Repository Structure

cell_synergy/
├── src/cell_synergy/          # Main Python package
│   ├── models/                # Alignment model implementations
│   │   ├── comm.py            # CoMM (Compositional Multimodal) model
│   │   ├── cca.py             # Canonical Correlation Analysis
│   │   ├── dcca.py            # Deep CCA
│   │   ├── simclr.py          # SimCLR contrastive learning
│   │   ├── byol.py            # Bootstrap Your Own Latent
│   │   ├── simsiam.py         # SimSiam
│   │   ├── barlowtwins.py     # Barlow Twins
│   │   ├── vicreg.py          # VICReg
│   │   ├── dim.py             # Deep InfoMax
│   │   └── concat.py          # Baseline concatenation
│   ├── sis.py                 # Synergistic Information Score computation
│   ├── downstream/            # Downstream task evaluation
│   ├── finetuning/            # Model finetuning utilities
│   └── data/                  # Data processing and dataset management
├── scripts/                   # SLURM batch scripts for experiments
│   ├── training/              # Model training scripts
│   ├── evaluation/           # Evaluation and benchmarking scripts
│   └── data_processing/      # Data preprocessing and embedding generation
├── configs/                   # Hydra configuration files
├── examples/                  # Tutorial-style example scripts
└── project_folder/           # Data storage (symlinked to larger storage)

Installation

Prerequisites

  • Python 3.10
  • CUDA-capable GPU (recommended)
  • SLURM workload manager (for running batch jobs)

Setup

# Clone the repository
git clone https://github.com/yourusername/cell-synergy.git
cd cell-synergy

# Install the package in editable mode
pip install -e .

# Install additional dependencies
pip install -r requirements.txt

Environment Setup

The codebase uses conda for environment management.

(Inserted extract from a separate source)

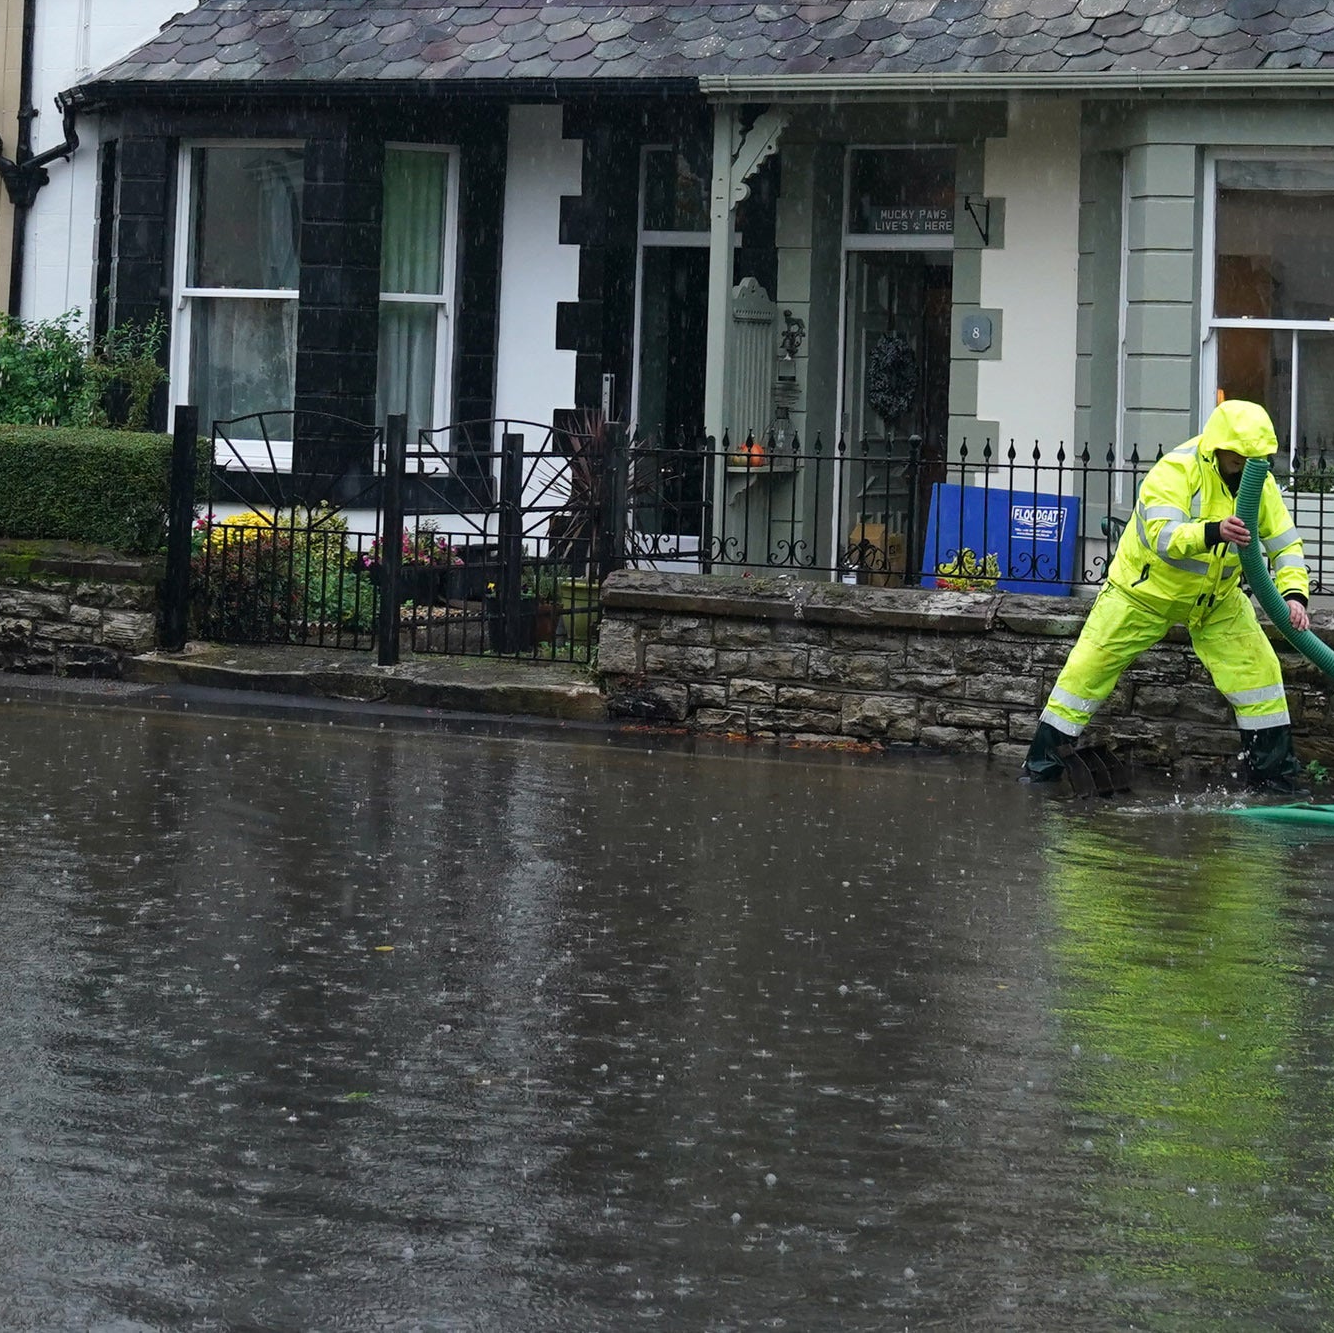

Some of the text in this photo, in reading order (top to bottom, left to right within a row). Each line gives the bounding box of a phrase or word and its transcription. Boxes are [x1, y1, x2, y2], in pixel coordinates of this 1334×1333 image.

Create and activate the environment:

conda env create -f environment.yml  # If available
# Or manually:
conda create -n cell_synergy_env python=3.10
conda activate cell_synergy_env
pip install -e .

Quick Start

Examples and Tutorials

We provide simple, tutorial-style examples in the examples/ directory:

  • example_compute_sis.py - Computing the Synergistic Information Score (SIS)
  • example_finetune_nicheformer.py - Finetuning Nicheformer on new data
  • example_align_comm.py - Training a CoMM alignment model
  • example_evaluate_f1_r2.py - Evaluating F1 and R² scores
  • example_spatial_consistency.py - Evaluating spatial consistency
  • example_spatial_neighbors.py - Evaluating spatial neighbor prediction

Run any example:

python examples/example_compute_sis.py

See examples/README.md for more details.

Computing Synergistic Information Score (SIS)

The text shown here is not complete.